Must be my opponent.
She took a deep breath, and tried to feel Jai with her mind.
Can I kill this other person? I have too.
Her mind kept wanting to descend into panic, and she kept having to pull herself back from the brink.
The gate then opened, and her opponent appeared.
What?
She looked behind her to the now closed and locked gate. Morri was standing on the other side, his eyes wide. “Is this a joke? He’s just a—” she shouted.
“Look out!” shouted Morri.
She turned around just in time to throw herself to the ground and project the same intention to Jai, just as the ape like creature landed with both its fists striking the spot she was just standing in. If she wasn’t already on the ground, she would have been knocked down by the sheer force of the creature’s impact.
Jai spread his arms and snarled and growled at the tank like creature just in front of him.
Abbey glanced at the small human on the opposite side of the arena. He’s just a teenager—
Jai sprung forward, but before even a three-inch claw could strike its target the other creature spun around striking Jai in his chest, the force of which sent him spiraling through the air, eventually hitting the fence, and then dropping in a heap. He howled in pain, although Abbey didn’t need to hear to sense his cracked ribs within her own thoughts.
“Get your mind in the game lass!” shouted Morri.
Abbey shook her head, and scrambled to her feet. I need to give Jai time to recover.
Her opponents creature was strong, impossibly so, and fast, but maybe not as quick as Jai.
“Hey over here!“ she shouted at the creature. It stopped its lumbering towards Jai and turned towards her.
“Yeah! Over—” Abbey grabbed her head. The ground around her was swaying, like she had been suddenly transported to a ship at sea. She fell down on one knee, and briefly caught sight of the young man grinning. It was the look of someone who had done this many times to others.
No—
As the world around her continued to move and spin in ways it shouldn’t, she let the rage and pain from the previous weeks and months build inside her, until she couldn’t contain it anymore. She looked up at the gaunt looking individual thirty feet from her, and let the emotion explode outwards, projecting it across the gap between them.
His creature, the one that looked like it was resistant to all attacks had its three foot thick fists raised above her, poised to slam them down as the audience screamed for blood.
The teen collapsed as if he had been shot, and his creature froze, its arms wavering above its head and Abbey’s. Silence fell upon the entire stadium.
Abbey’s attention quickly turned to the creature next to her, who she focused on with everything she had.
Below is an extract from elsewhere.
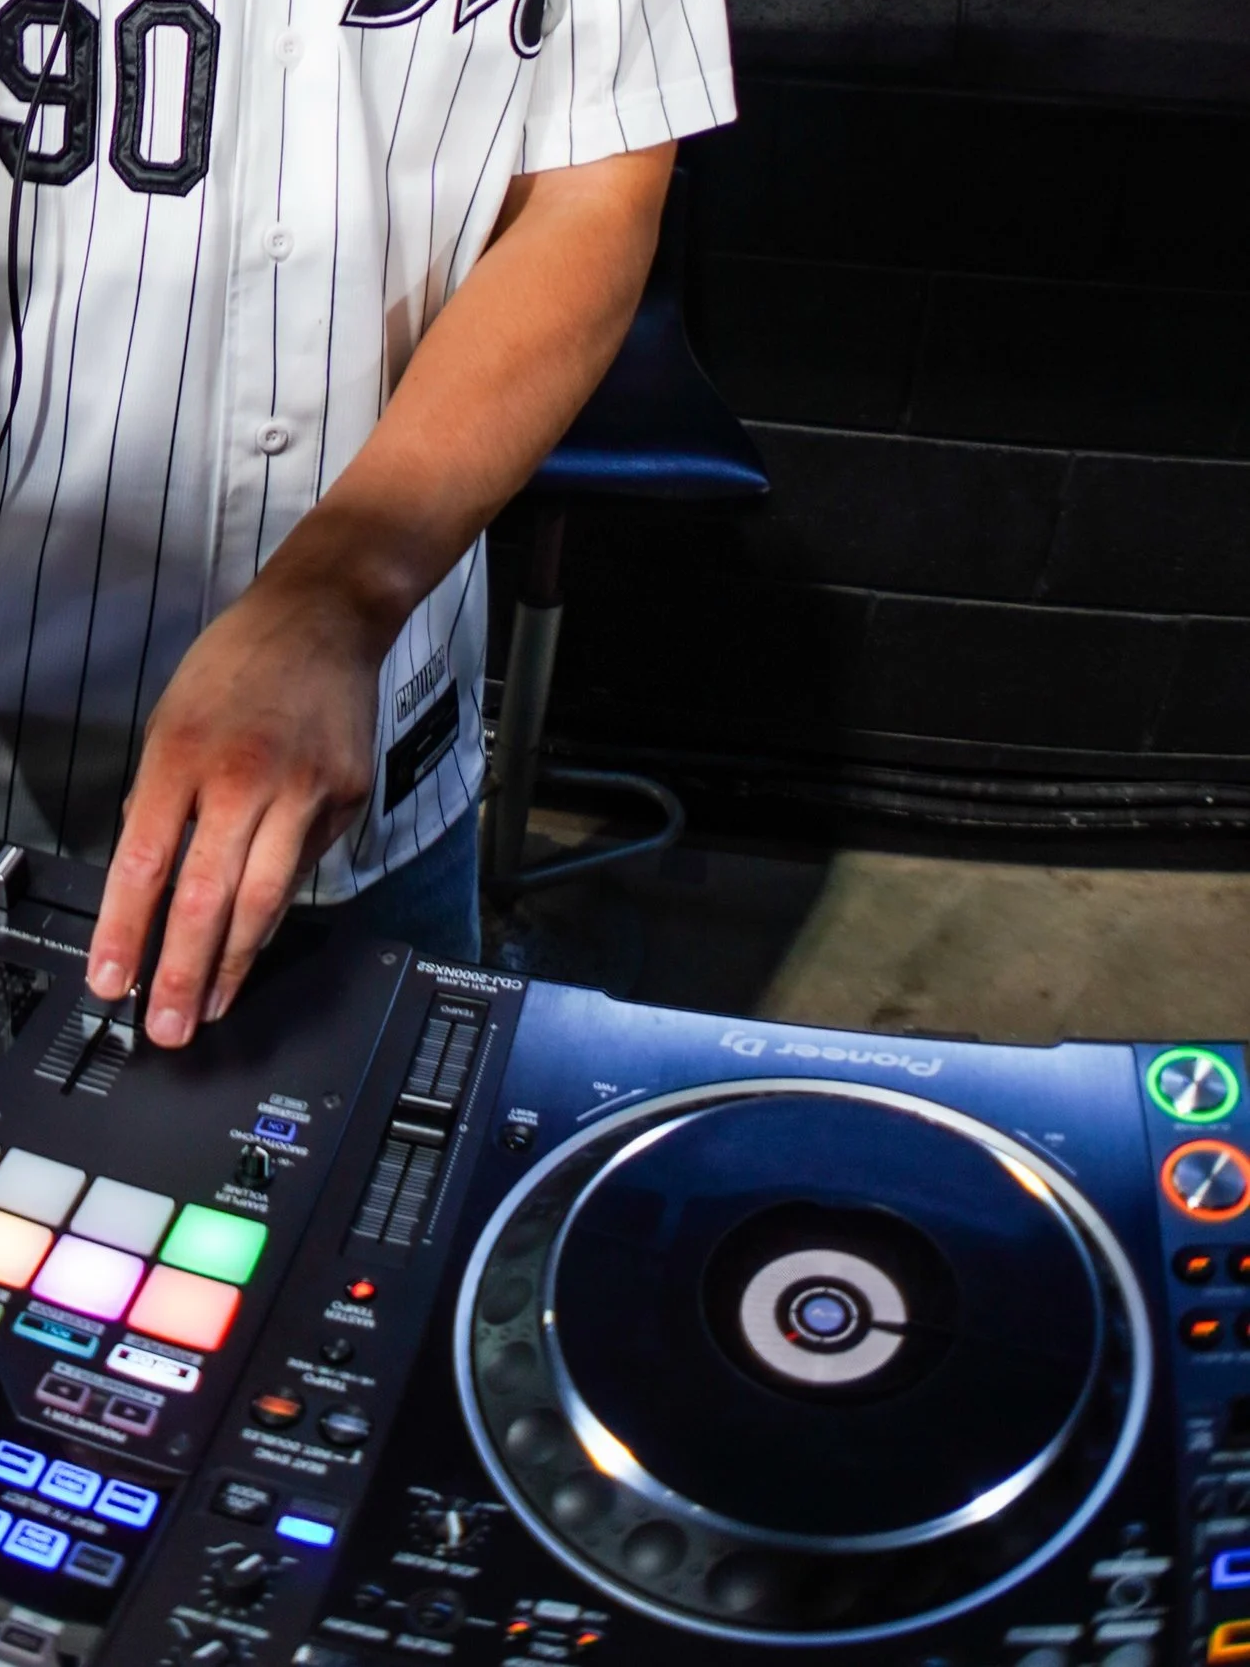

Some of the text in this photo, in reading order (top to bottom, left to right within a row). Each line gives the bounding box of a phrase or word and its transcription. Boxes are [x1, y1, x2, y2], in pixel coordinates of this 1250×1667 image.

[415, 959, 523, 990] CDJ-2000NXS2
[439, 1003, 475, 1018] TEMPO
[773, 1041, 943, 1077] Pioneer
Slowly it lowered its arms, and then sat down looking perplexed at the cage around it.
She ran over to Jai who was wheezing but now was on his feet.
The cages gate opened, and Morri ran over to her. “You did it! You got the little shit!”
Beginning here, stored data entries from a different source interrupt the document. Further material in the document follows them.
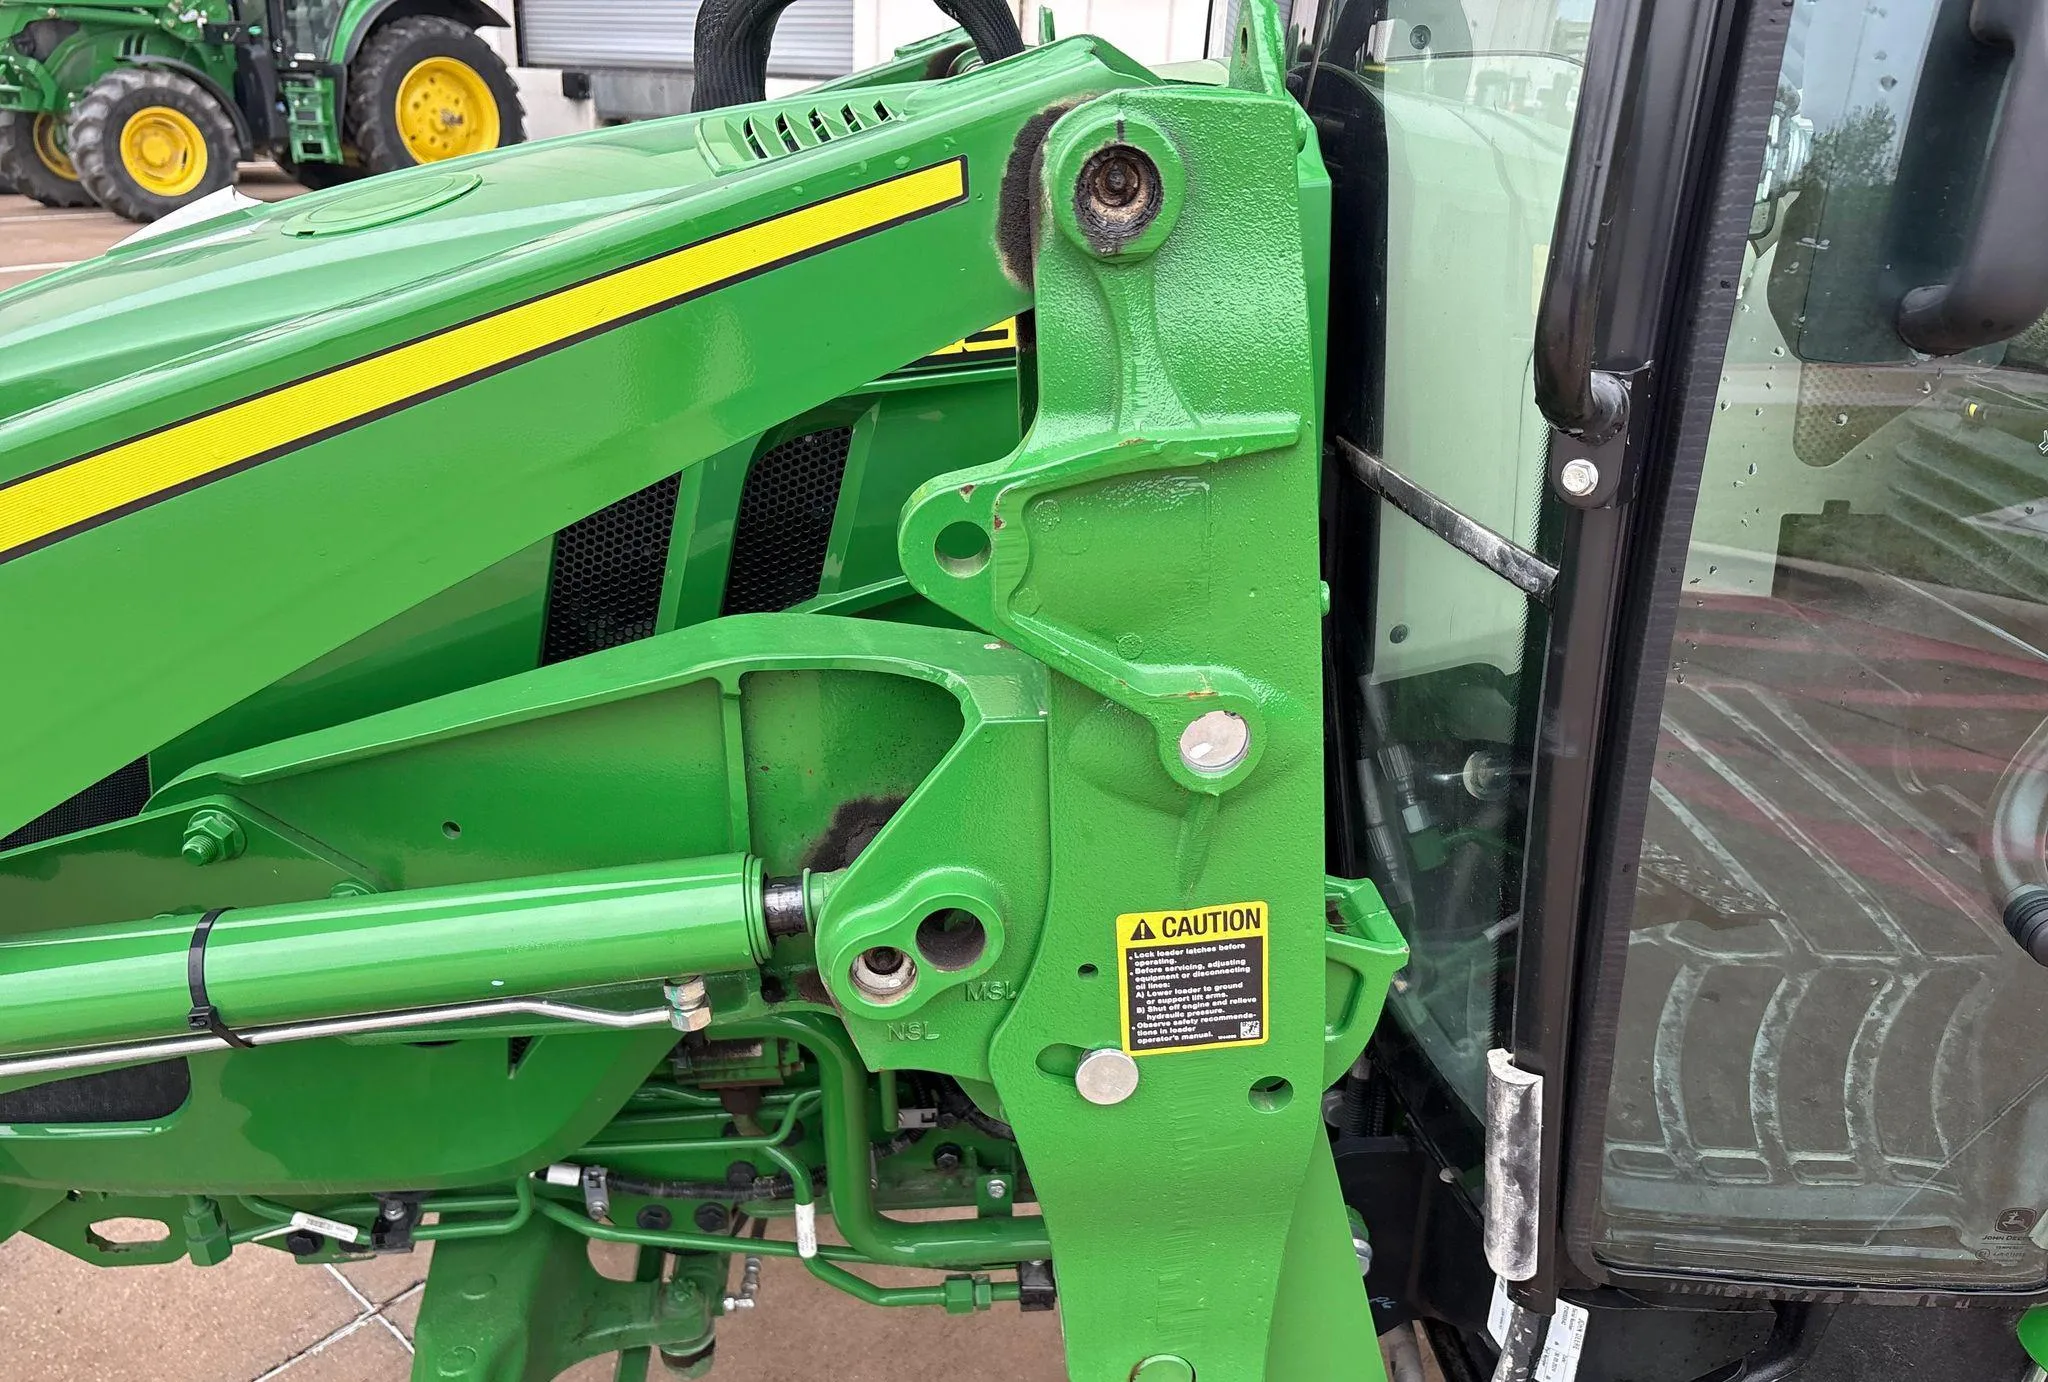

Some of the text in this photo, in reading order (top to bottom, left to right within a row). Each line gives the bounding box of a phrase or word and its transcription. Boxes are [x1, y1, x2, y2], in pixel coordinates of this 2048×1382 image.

[1162, 908, 1260, 938] CAUTION
[1134, 951, 1155, 959] Lock
[1186, 946, 1216, 954] latches
[1135, 967, 1162, 975] Before
[1208, 958, 1246, 969] adjusting
[1135, 973, 1179, 982] equipment
[1192, 966, 1251, 978] disconnecting
[965, 981, 1016, 1001] MSL
[1147, 989, 1172, 997] Lower
[1214, 982, 1243, 992] ground
[1147, 1005, 1166, 1013] Shut
[1169, 1003, 1180, 1011] off
[1182, 1002, 1209, 1011] engine
[1158, 996, 1190, 1004] support
[1147, 1011, 1184, 1021] hydraulic
[887, 1021, 940, 1042] NSL
[1137, 1021, 1170, 1029] Observe
[1173, 1019, 1199, 1027] safety
Abbey looked over to the boy who was still motionless on the floor, as people ran up to him. “Is he dead? Did I kill him?”
Morri put his arm around her. “Meh, who cares! You’re going to make me a fortune!”
CHAPTER TEN
Zach slumped down to the cold hard floor. It was the spot he had been designated as his sleeping area. A two by five piece of stain-laden concrete against one of the walls in the vehicle maintenance bay. To his left and right and just overlapping where his boots rested, the other mechanics were already sleeping. It had been a tiring night for most as they had lost a fair bit of their food ration coupons on some newbie that had won their first creature fight.
Zach only caught the loose retelling of what had happened in the arena, but it was enough for him to know the victor was Abbey.
As the breathing of those around him grew heavy, and after he initially feigned the same, he as quietly as possible pulled the one thin sheet he had been given back and got to his feet. A single light somewhere off across the bay gave him just enough light to navigate his way through arms and legs until he was leaning up against the closest door.
He had seen people come in and out of it all day, and hadn’t seen it locked once.
In the gloom he reached for the handle and turned it. It rotated a small amount then stopped. Locked.
In the dark he shook his head for that meant walking all the way across the bay to the only other door he was aware of. But there was no other choice. He and Abbey were not going to spend the night here.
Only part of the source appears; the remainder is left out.